Flow cytometric analysis
 CD 59 and CD55 on RBC
Study expression of GPI-AP using monoclonal antibodies by flowcytometry Rapid, sensitive, and quantitative Lower estimate of clone size because of shorter life span of RBC
 CD 59, CD55, CD24, CD66b, and CD16 for granulocytes Better estimate of clone size Require fresh blood sample
Difficult in patients with AA with neutropenia
 FLAER for granulocytes Lack of FLAER binding to PNH granulocytes Highly sensitive as single reagent for diagnosis
  • PNH, paroxysmal nocturnal haemoglobinuria; RBC, red blood cells; GPI-AP, GPI-anchored proteins; AA, aplastic anemia; FLAER.

Complement based tests

Traditionally tests used for diagnosis of PNH were dependent on the complement sensitivity of the RBC. The commonly used complement based assays are HAM’s and Sucrose lysis test. These tests, although suitable for haemolytic PNH, cannot reliably detect small populations of affected red cells. The detection limit of these tests is between 4.2% and 5% (10). Moreover, they are not specific for the diagnosis of PNH, as the HAM’s test can also be positive in HEMPAS variety of congenital dyseryhtropoietic anemia and the Sucrose lysis test can be positive in other conditions like megaloblastic anemia, autoimmune haemolytic anemia, etc. The complement lysis sensitivity test, which was developed by Rosse and colleagues in the 1960s (11, 12), can provide a more accurate assessment of the proportion and type of PNH red cells. Unfortunately, this test is extremely laborious and difficult to perform and is not applicable to routine diagnostic use.

GCT

This test is based on the principle of haemagglutination following an antigen–antibody reaction. The commercially available GCT detects RBC population deficient in CD55 and CD59. Its sensitivity has been reported to vary from 2 to 10% of type III erythrocytes (13) and this is similar to complement based assays (14). As it is easy to perform and interpret it has replaced complement based assays in many laboratories which do not have the facility for flowcytometry. However, there are certain limitations of this method. It is not quantitative, not sensitive for detection of small clones, and can not detect the GPI deficient granulocytes in PNH patients.

Flowcytometry testing

Flowcytometry acts as a rapid, sensitive and reproducible diagnostic tool for the detection of PNH clones in different PB cell populations. It was first described in 1985 (15, 16) and has now become the ‘Gold Standard’ for diagnosis of PNH. Flowcytometry can identify, quantitate, and subtype (Type I, Type II, and Type III cells) populations of these GPI-AP deficient cells.

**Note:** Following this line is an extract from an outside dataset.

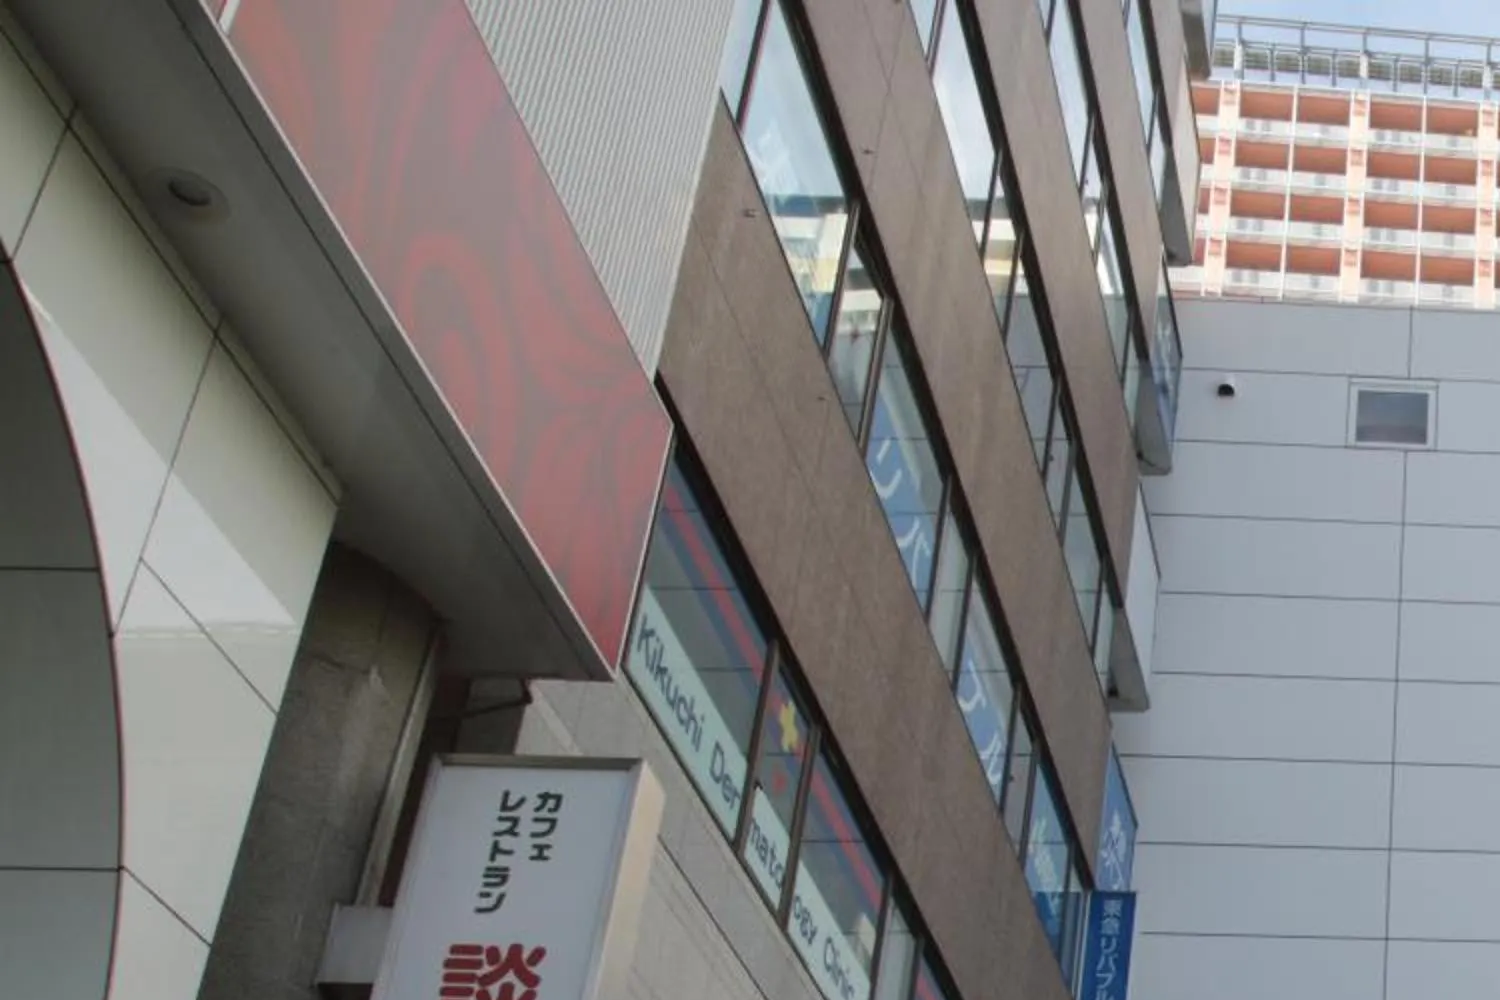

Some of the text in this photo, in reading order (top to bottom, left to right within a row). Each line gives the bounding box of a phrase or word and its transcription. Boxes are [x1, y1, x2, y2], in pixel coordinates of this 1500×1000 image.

Detection of PNH clones by flowcytometry can be done by studying the expression of GPI-AP on RBC and PB leukocytes using monoclonal antibodies specific for these proteins or by studying the GPI anchor itself, using FLAER.

A large number of GPI-AP have been described till now. Their expression varies greatly within the different subpopulations of haematopoietic cells (17) and also with stage of maturation of the cells (18). Hence for the selection of antibodies and correct interpretation of results, it is essential to have a detailed knowledge of the cellular distribution of GPI-AP and their expression at the different stages of haematopoietic cell differentiation (19).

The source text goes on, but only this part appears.